First off, Aquino expressed how he was “quite elated particularly since all the points we had raised were affirmed” in the arbitration decision. It is no secret that the Aquino administration strongly militated for international arbitration rather than bilateral talks with China to decide the fate of the EEZs belonging to the Philippines.
Finally, after much hard efforts, Aquino and his administration saw the fruit of their labors aptly rewarded with the “fair judgment” with which the Permanent Court of Arbitration conducted the whole proceedings, Pnoy said. He also expressed his gratitude “for the clarity with which they (the members of the Permanent Court of Arbitration) presented their ruling.”

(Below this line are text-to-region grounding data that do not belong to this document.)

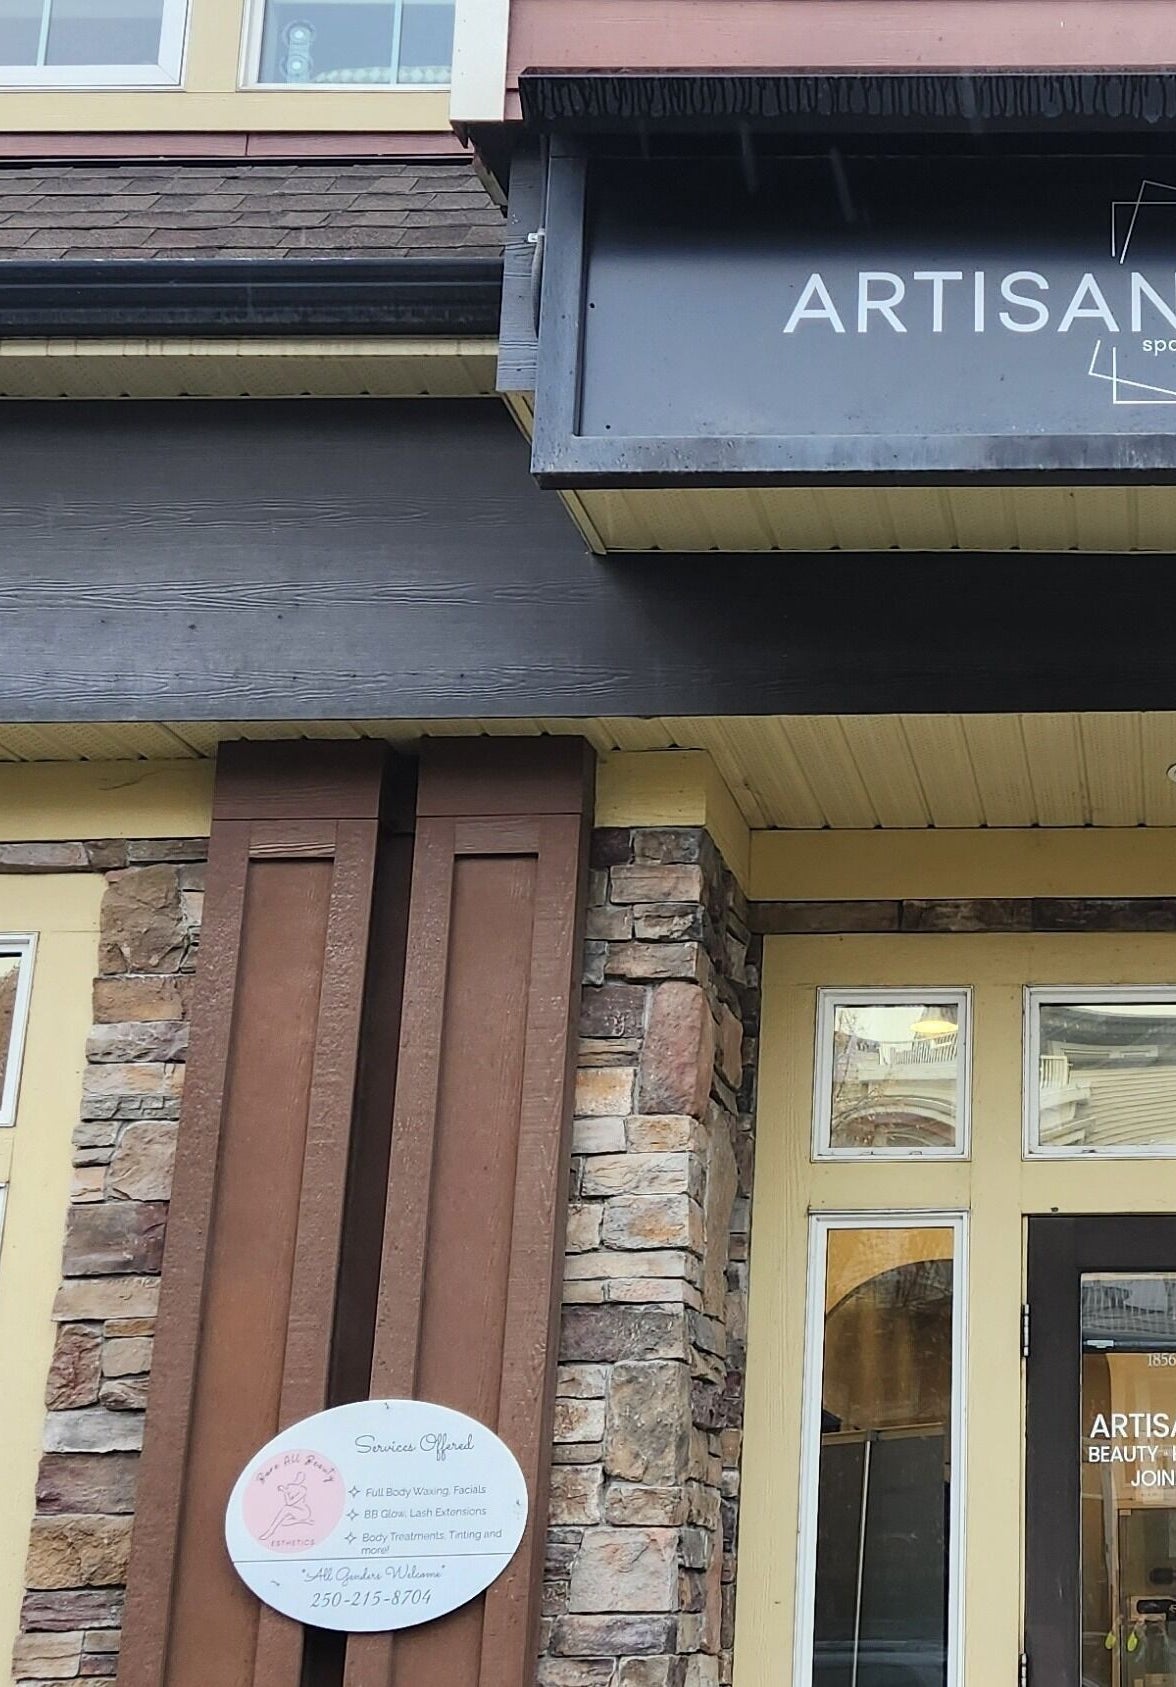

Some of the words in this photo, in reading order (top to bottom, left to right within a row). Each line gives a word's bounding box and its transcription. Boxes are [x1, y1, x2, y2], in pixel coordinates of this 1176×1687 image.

[1147, 1352, 1176, 1367] 1856
[354, 1434, 416, 1454] Services
[420, 1433, 475, 1461] Offered
[1088, 1445, 1159, 1463] BEAUTY
[365, 1487, 384, 1497] Full
[454, 1484, 487, 1495] Facials
[409, 1508, 433, 1518] Lash
[435, 1507, 487, 1517] Extensions
[483, 1529, 503, 1539] and
[310, 1589, 432, 1607] 250-215-8704
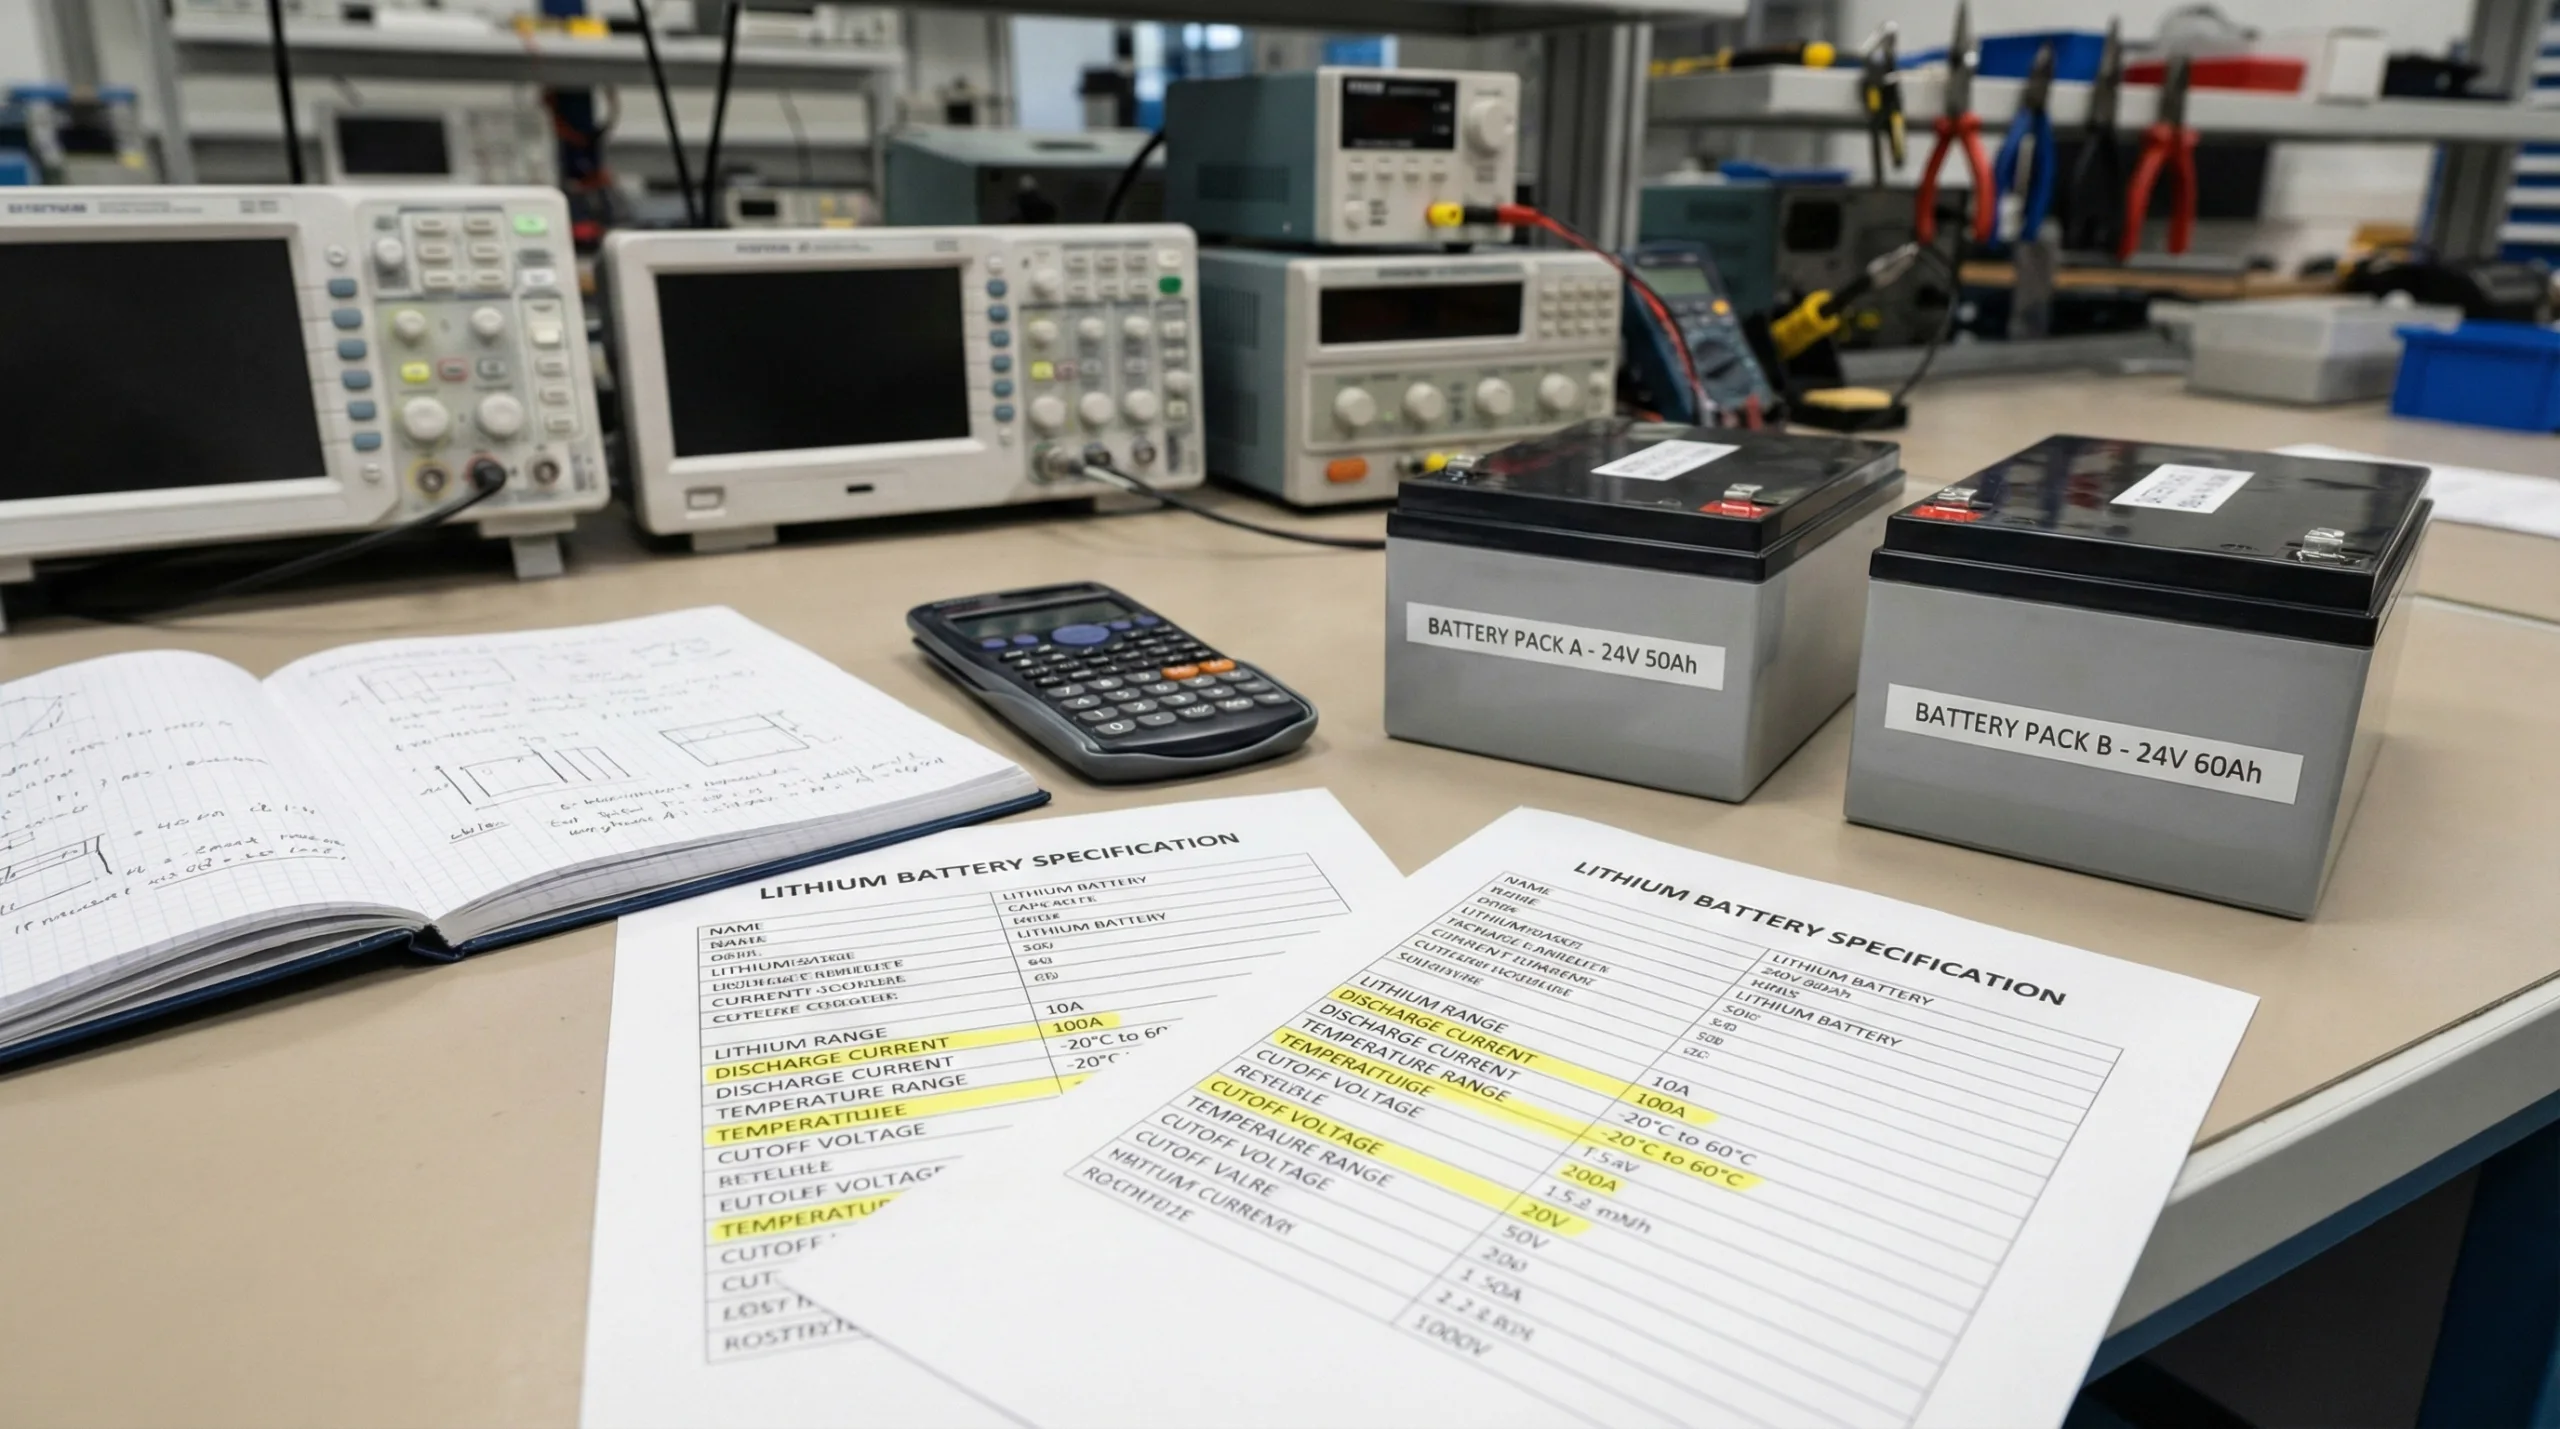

The territorial disputes and the claims of all claimant countries have always been misunderstood since Aquino could remember—to his mind, “stretching as far back as the 1970s”—primarily due to the various opinions and views about the rights and obligations of each claimant country, especially the Philippines and China in this case.
But here finally is the resolution to end all other resolutions on the matter, decided no less by a highly respected international tribunal. There’s no more need for one’s own interpretations.
Thus, Aquino urges everyone concerned, both Filipinos and other nationalities, to “read the Press Release and Summary issued by the Tribunal to gain full understanding of the issues involved.”
Since most claimant countries often invoke applicable international laws on this issue (but sometimes choose only laws that favor their side of the argument), then Aquino assured them that “Indeed, international law has been made clearer with this monumental decision,” referring to the Tribunal decision. The meaning and intents of international laws have been made more unequivocal with this ruling.
And this goes especially for the dispute between the Philippines and China on the West Philippine Sea. And not just exclusively to them, but also “as far as other coastal states are concerned, with regards to UNCLOS” (the United Nations Convention on the Law of the Sea).
Consequently, Aquino insisted that the Tribunal decision wasn’t just victory for the Philippines but “a victory for all…because the clarity rendered now establishes better conditions that enable countries to engage each other (fairly), bearing in mind their duties and rights within a context that espouses equality and amity.”
Finally, Aquino felt proven correct with his decision to go for the tribunal instead of a purely bilateral talk with China which China has always insisted on. “The decision to pursue arbitration was not an easy one to make,” he recalled. “We foresaw and experienced the pressures in taking this route; yet until the end, we stood our ground.”
After thanking cabinet and government officials who played vital roles in supporting and pushing for arbitration, Aquino warned everyone on the nature of conflicts between parties or nations: “Where there is conflict over claims and opinions, cooperation cannot exist.”
But he ended on a positive note by assuring the country that with the Tribunal ruling rendering everything clearer now, “we can all move forward as a global community. Without doubt, this long-running dispute is now closer to having a permanent solution.”